As one, hundreds of youth and adults rose from their seats and streamed forward in a quiet, orderly, but determined fashion.
Then McKenna invited the congregation to pray in small groups, as a time of mutual encouragement for the commitment they had just made. He spoke of things the youth can do following NYC to continue this commitment, specifically to find a small group with whom to regularly pray the Lord’s Prayer, and to memorize the Sermon on the Mount. “When you love your enemy and love your neighbor as yourself, you will find your call in Jesus,” he said.
Carter reviewed the different speakers throughout the week of NYC, and their messages, and then turned to a message of his own for the Church of the Brethren. “We have a ministry of the heart. We have a ministry of the hand,” he said, emphasizing the way the Brethren tradition combines spirituality and service.
He also noted the fast pace the youth had been through at NYC, and contrasted it with the steadfast persistence required for the Christian life of discipleship. “We have been sprinting all week. The Christian life is not a sprint. It is a marathon. A marathon in which we don't run alone.”

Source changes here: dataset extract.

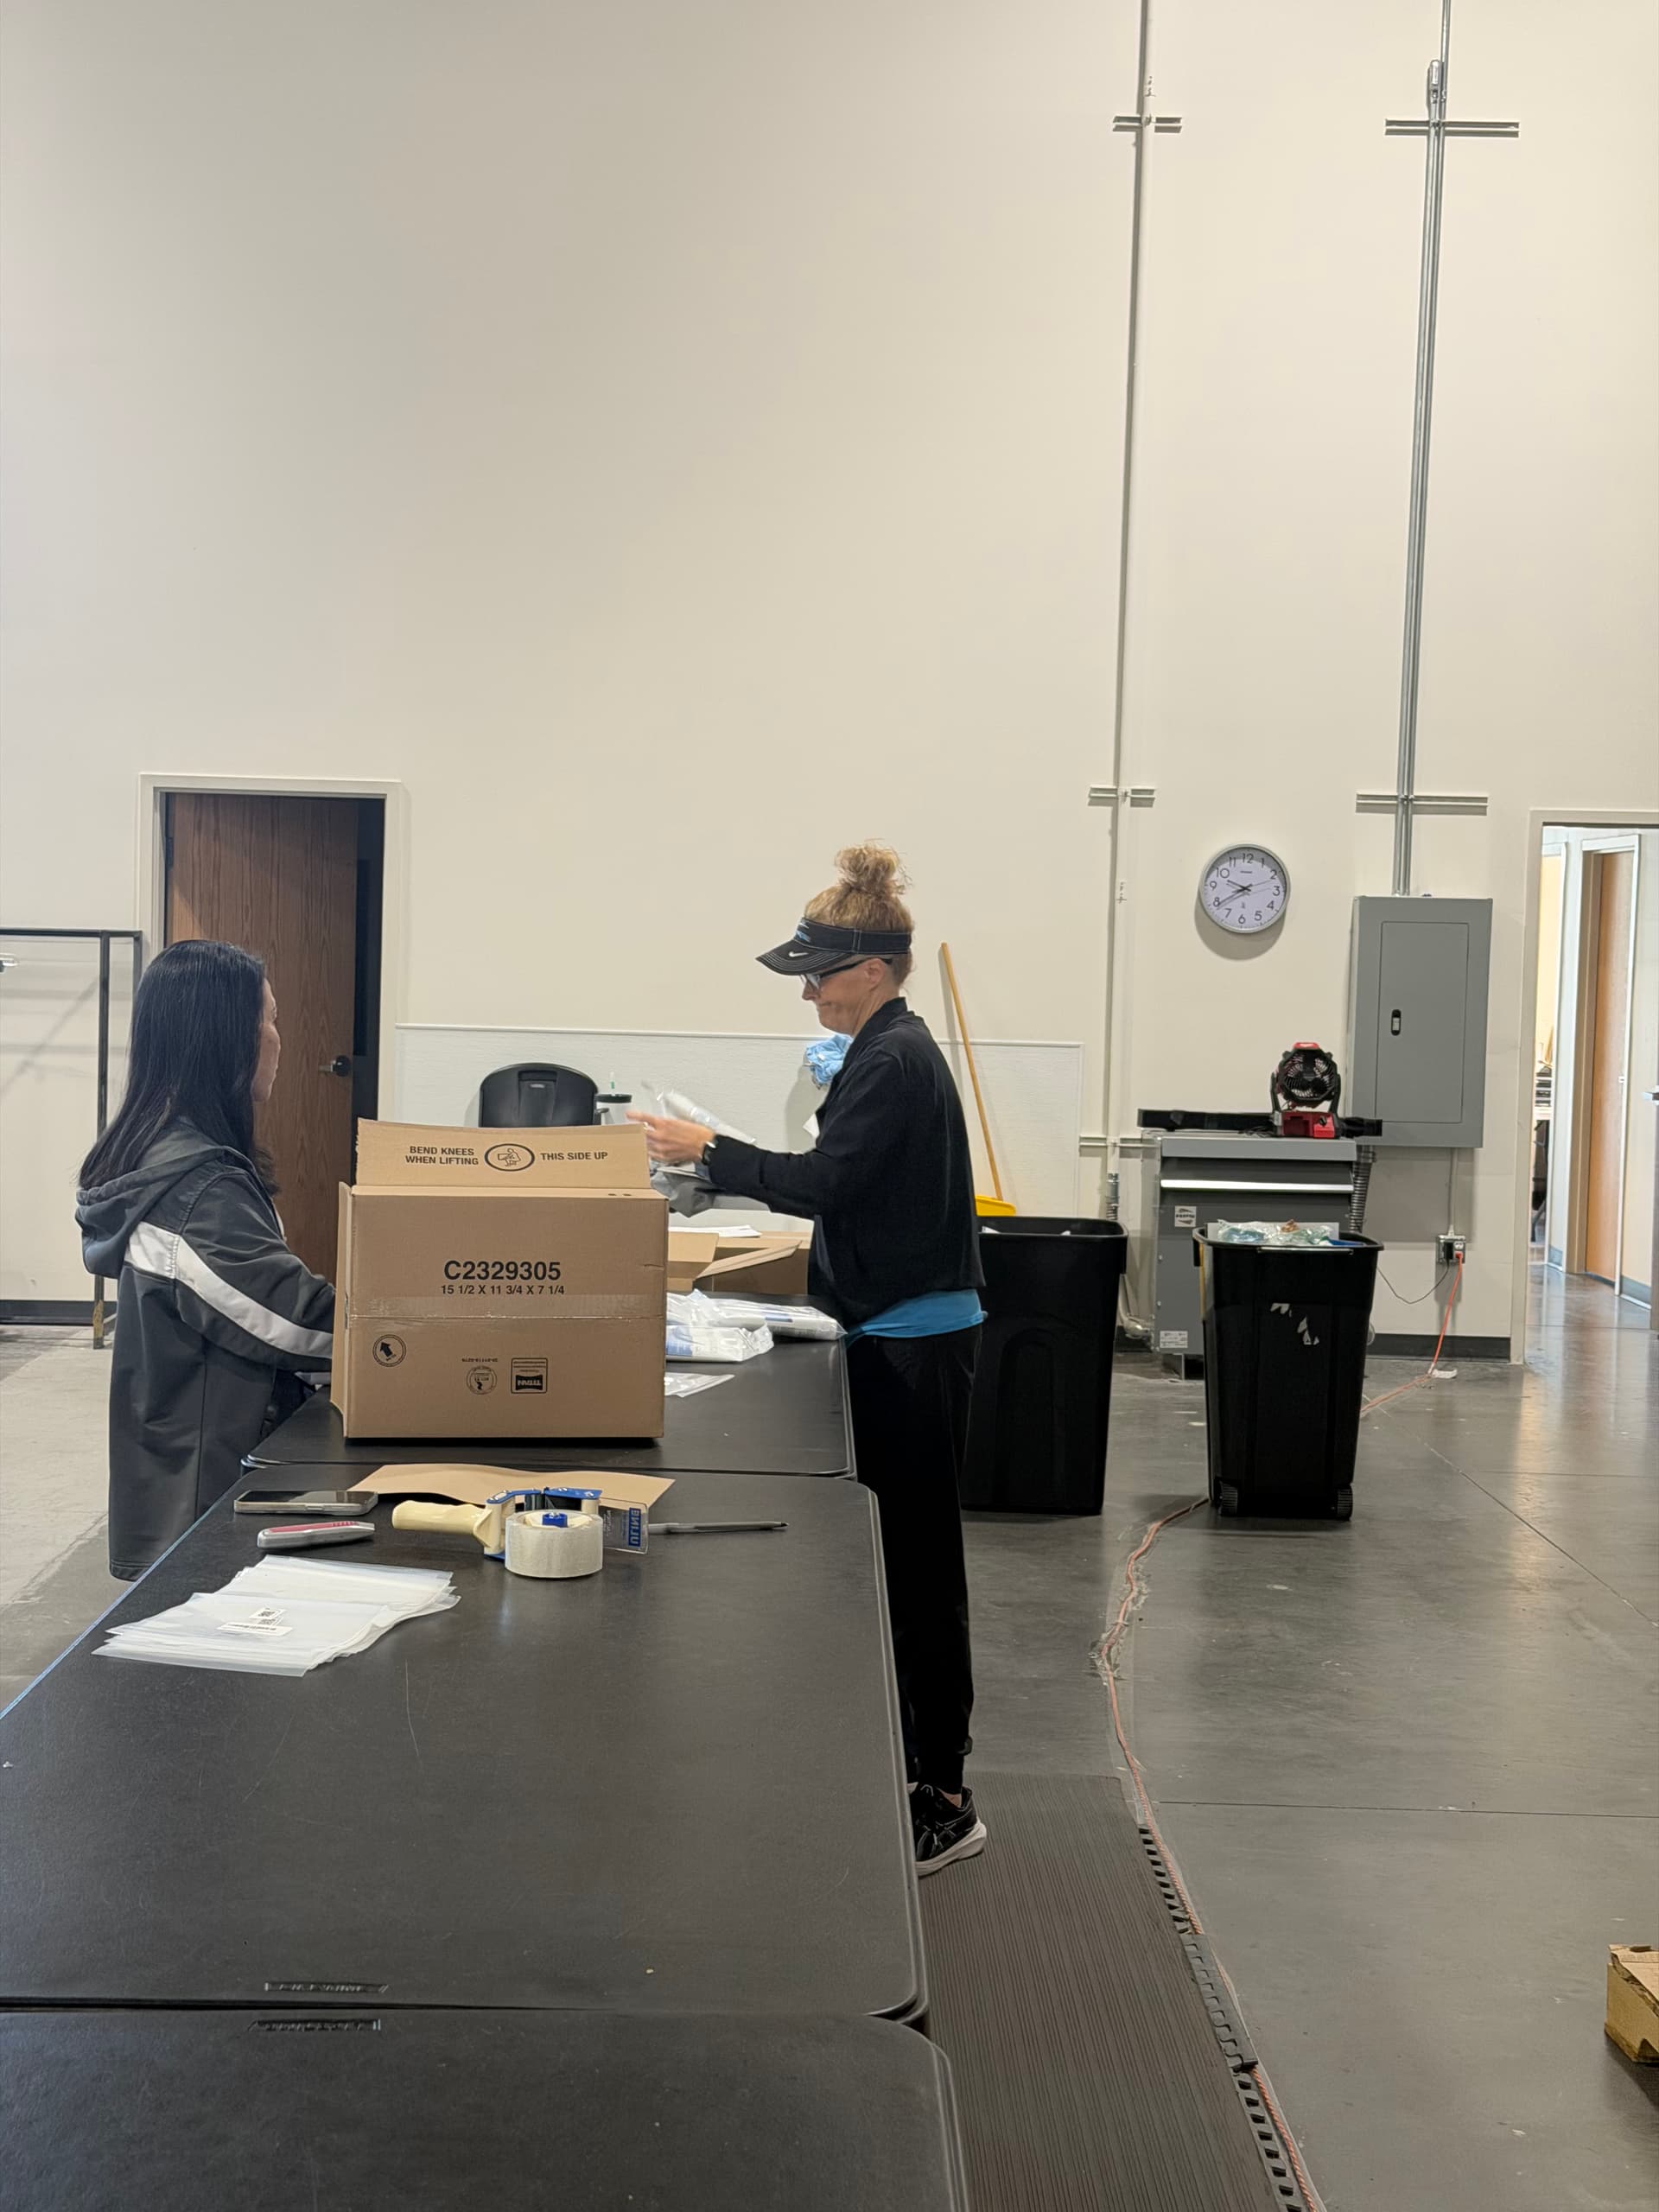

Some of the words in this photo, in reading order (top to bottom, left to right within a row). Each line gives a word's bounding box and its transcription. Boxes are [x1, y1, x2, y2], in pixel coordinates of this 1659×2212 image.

Carter told the story of preparing to run a marathon, and receiving encouragement from a bystander after he “hit the wall” because he had started out the race at too fast of a pace. He praised that bystander for taking a step out from the crowd to give him personal encouragement. “It's not about having. It's about giving,” he said. “Step out from the crowd. Make a difference.”
He concluded by telling the youth: “My last story is about you. It hasn't been written yet. So what's your story? How will you make a difference?”
The closing service ended with a time of blessing for the youth and adults present. Carter invited each to go to one of the stations around the arena, and identify themselves to the people sharing the blessing, so that each might go home having been blessed by name.
-- Frank Ramirez is a volunteer writer on the NYC News Team.